• [Exercise directions]: When you return the data, keep every line exactly as it is and leave out the pictures.

┌─ Data to process

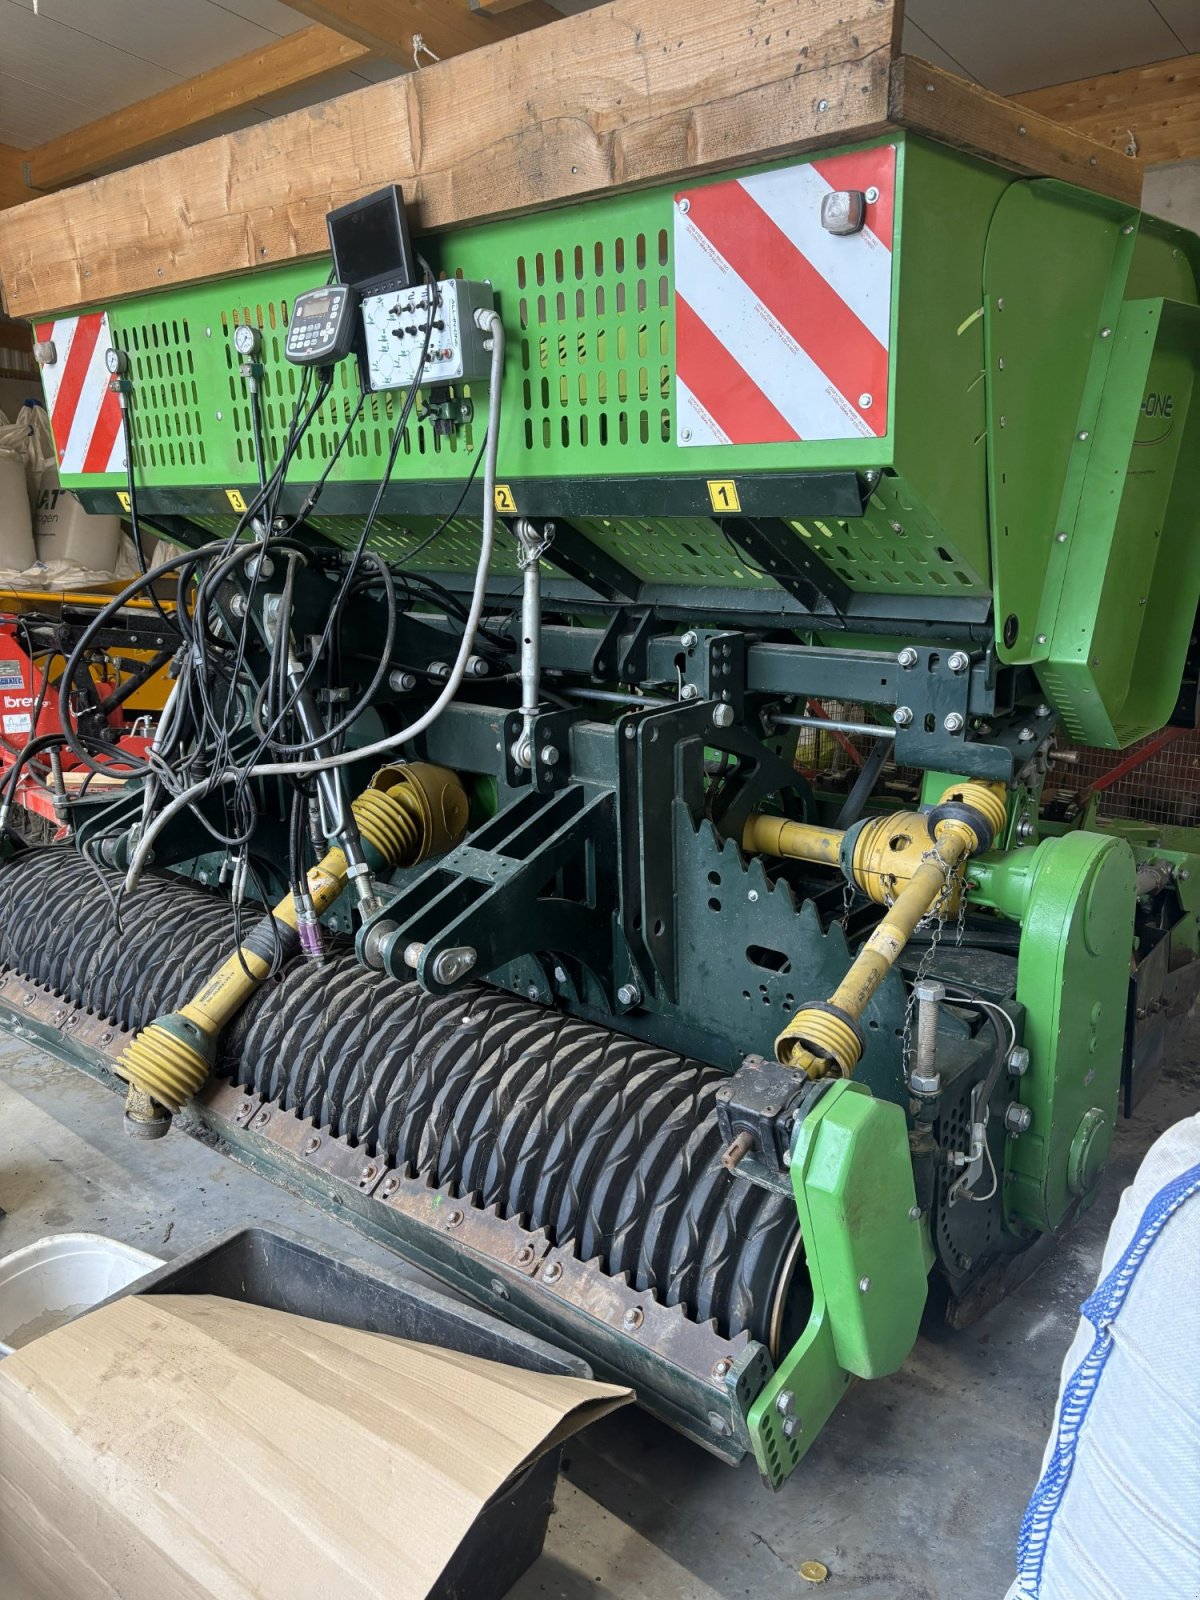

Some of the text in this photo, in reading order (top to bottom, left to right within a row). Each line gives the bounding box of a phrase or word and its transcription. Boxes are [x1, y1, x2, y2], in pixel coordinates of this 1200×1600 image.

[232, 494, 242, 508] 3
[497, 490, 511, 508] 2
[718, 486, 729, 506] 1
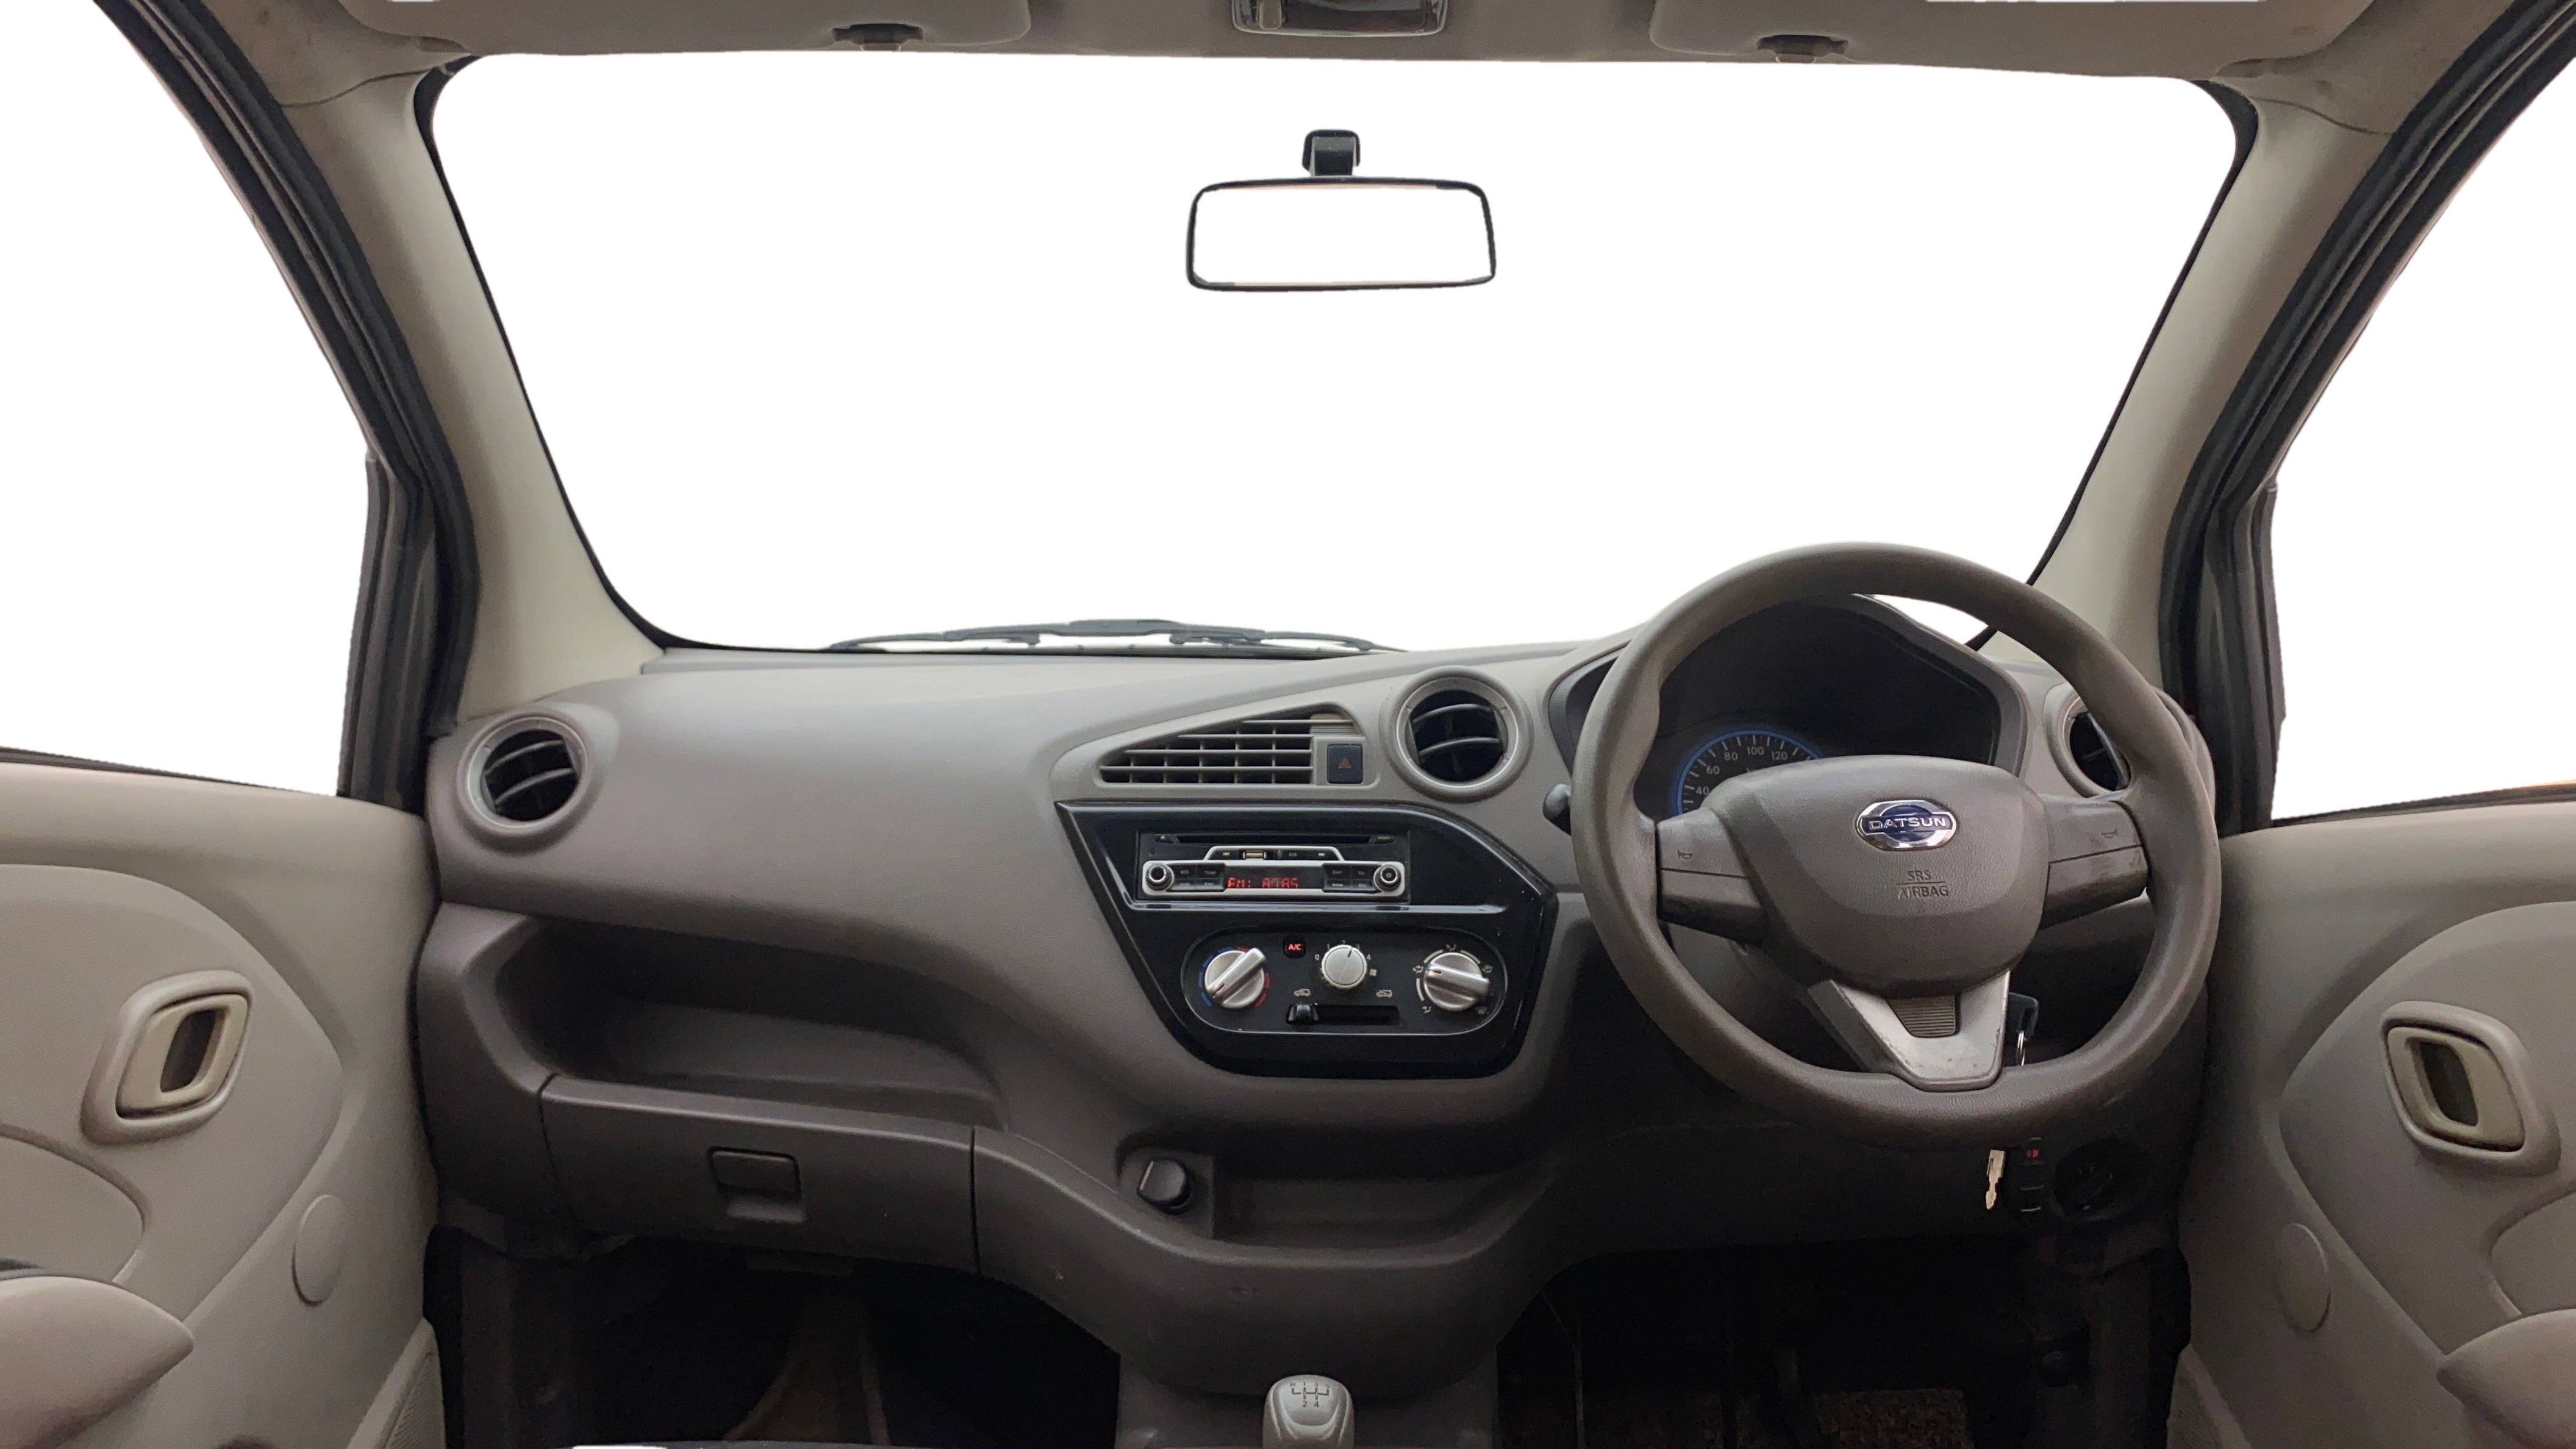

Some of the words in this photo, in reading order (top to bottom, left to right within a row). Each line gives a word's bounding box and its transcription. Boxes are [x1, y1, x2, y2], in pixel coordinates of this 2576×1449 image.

└─

• [Solution to this problem]:
Some of the text in this photo, in reading order (top to bottom, left to right within a row). Each line gives the bounding box of a phrase or word and its transcription. Boxes are [x1, y1, x2, y2], in pixel coordinates of this 1200×1600 image.

[232, 494, 242, 508] 3
[497, 490, 511, 508] 2
[718, 486, 729, 506] 1

Some of the words in this photo, in reading order (top to bottom, left to right within a row). Each line gives a word's bounding box and its transcription. Boxes are [x1, y1, x2, y2], in pixel coordinates of this 2576×1449 image.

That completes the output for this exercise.